Shortening Preparation and Tool Setting operations (Kanban – Seiton System improvements)

Kanban – A systematic approach to Production Planning and in-process inventory management.

Operation: Kanban Seiton operations at an air frame assembly workshop.
Problems: According to a worker, his factory introduced the Toyota Kanban system ten years ago and took as its motto with the minimum of unfinished products, the materials needed, when needed, and in the quantity needed.
Work, however, does not go according to this motto. Deliveries from each process are late, production volume does not increase, and each process has unfinished products.

The problems arise from a combination of defects in the Kanban system, the structure and other systems. This makes everyone feel as though none of the problems can be resolved so nobody tries to do anything.

The woker NT feels that if something is not improved soon, the Kanban system will disappear altogether. He decided to present the problems to his group leader, SA.

Understanding the situation in which Goals are not met:

NT consulted SA and, according to the steps for setting a theme, first looked at the problem from three points of view, and decided to begin work to set a theme which would improve results and set improvement policy.

Obvious problems: preparatory and tool setting operation time has increased, defects have not decreased, and small accidents occur frequently.

1. The desired Kanban cannot be found, and operational directions to the preceding process are delayed
2. Mistaken Kanban are used for urgent products and delivered late, items that are to be split do not flow as split production.
3. Kanban arrive suddenly, necessitating redoing of preparation in the morning or tool setting change in the middle of the day.
4. Kanban are issued in increasing numbers so that the number of times preparation operations and tool-setting changes have to be done increases.
5. Workers are rushed, those are not used to changes have to help, and defects happen at an un-diminishing rate. Small accidents and injuries bring operations to a halt.

Occurring losses: The cost per unit item is high and added value monetary figure is reduced.

The waste, strain, and inconsistencies which appeared in 10 guarantee loss, so next. NT looked into that.

1. It takes time searching and issuing Kanban and there is time spent waiting for production directions.
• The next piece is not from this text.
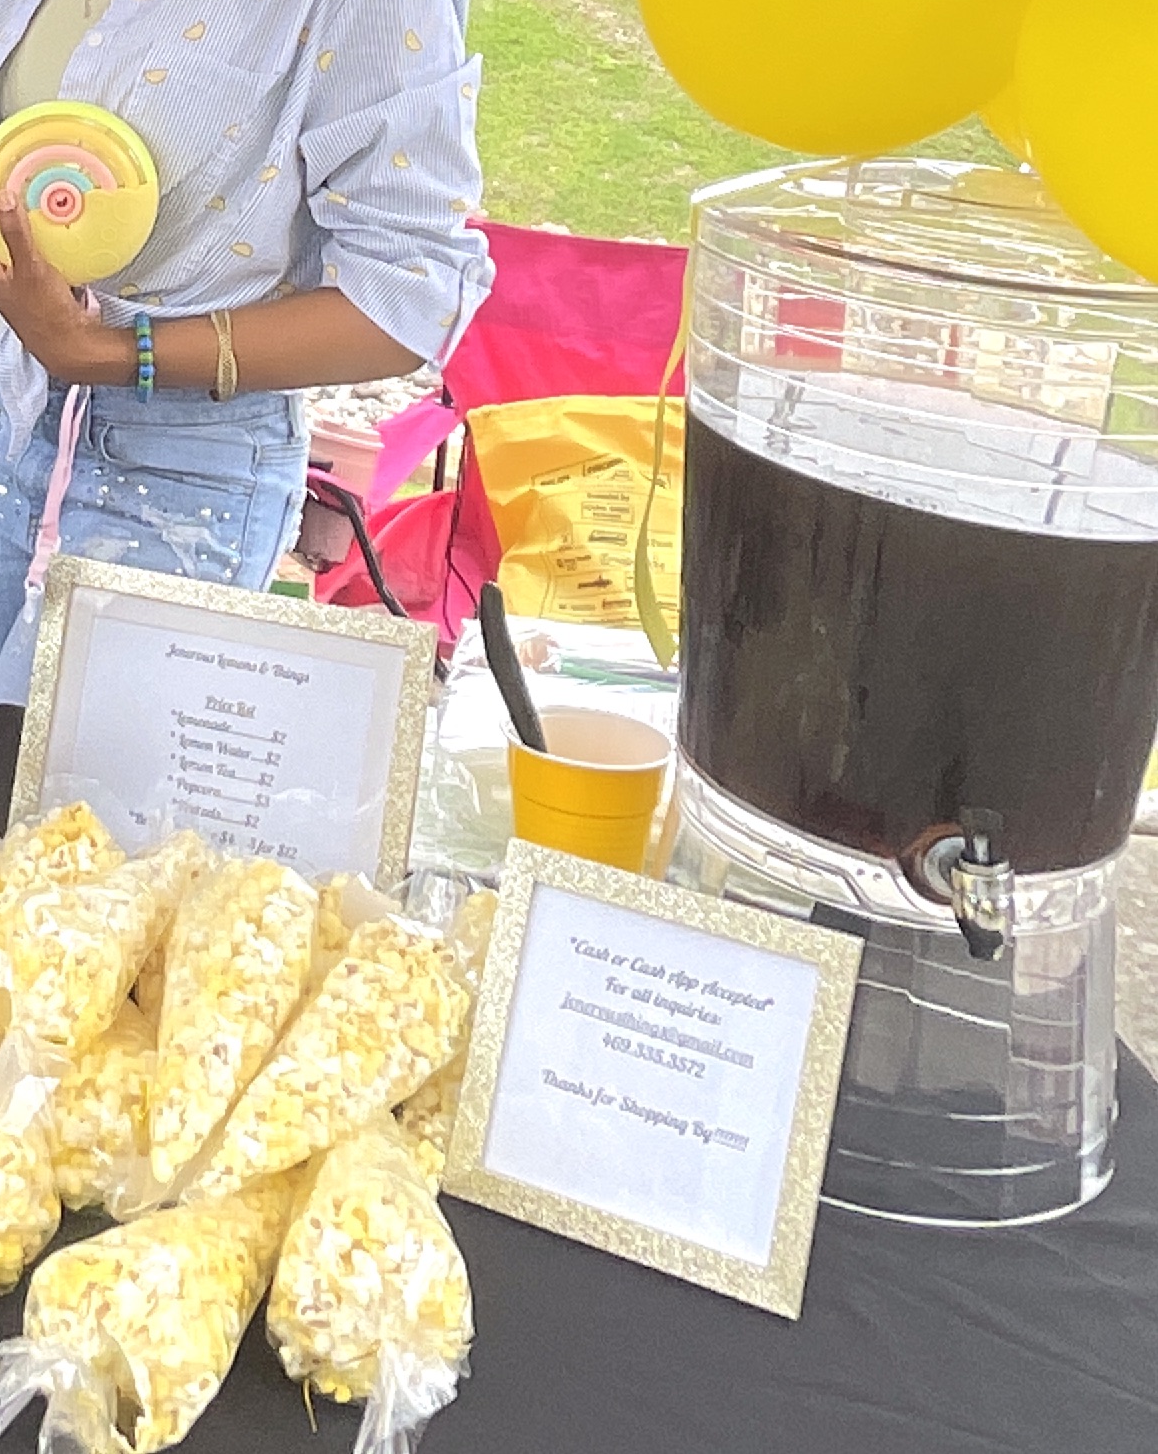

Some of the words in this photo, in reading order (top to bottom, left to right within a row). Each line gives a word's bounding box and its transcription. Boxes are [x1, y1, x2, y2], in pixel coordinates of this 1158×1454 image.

This alone lowers the amount of actual production time (drop in percentage of actual production time).
2. Too much energy is taken up issuing Kanban. There is no leeway for working on other problems, such as defects, breakdown and the length of tool setting time. The cost of processing has not decreased and unfinished products have not decreased.
3. When due to 1 and 3 time taken is more, production takes that much longer, and deliveries are late.
4. When time is spent taking care of defects, breakdowns, and accidents, actual production operation suffers and production drops.
5. Every time workers are rushed, accidents and defects occur. If the above losses were put into monetary figures, it would come to a large amount. In order to get down to improvements as quickly as possible, the causes of loss were investigated.

Causes of loss: The Kanban system is not completely followed, and other improvements are lacking

1. The Kanban are not categorized by part and function, so that they have to be read over every time they are used.
2. When there are changes in the processes and operations, the rack division labels and items labels for the Kanban storage racks (dispatching style) are not rewritten, so they are sometimes used mistakenly. There is a person who is in charge of rewriting the Kanban at the stage in which they are used.
3. Revision of the Kanban constitution based on the estimated number of production per year, and standard production line charts and process planning charts are overdue. It is never clear which process has issued a Kanban and reach one has to be checked out.
4. There is an incomplete system or issuing Kanban based on variances of numbers in operation schedules for a month, a week, or three days, or revisions are overdue.
5. There is an incomplete system for making operations schedules for a week or three days.
6. The labels for the dispatch boards of Kanban from the preceding process and its rules for use are not kept.
7. Improvements to cut defects and breakdowns, guarantee safety, and shorten tool-setting time are overdue. These are reasons why production does not run according to Kanban or delivery dates.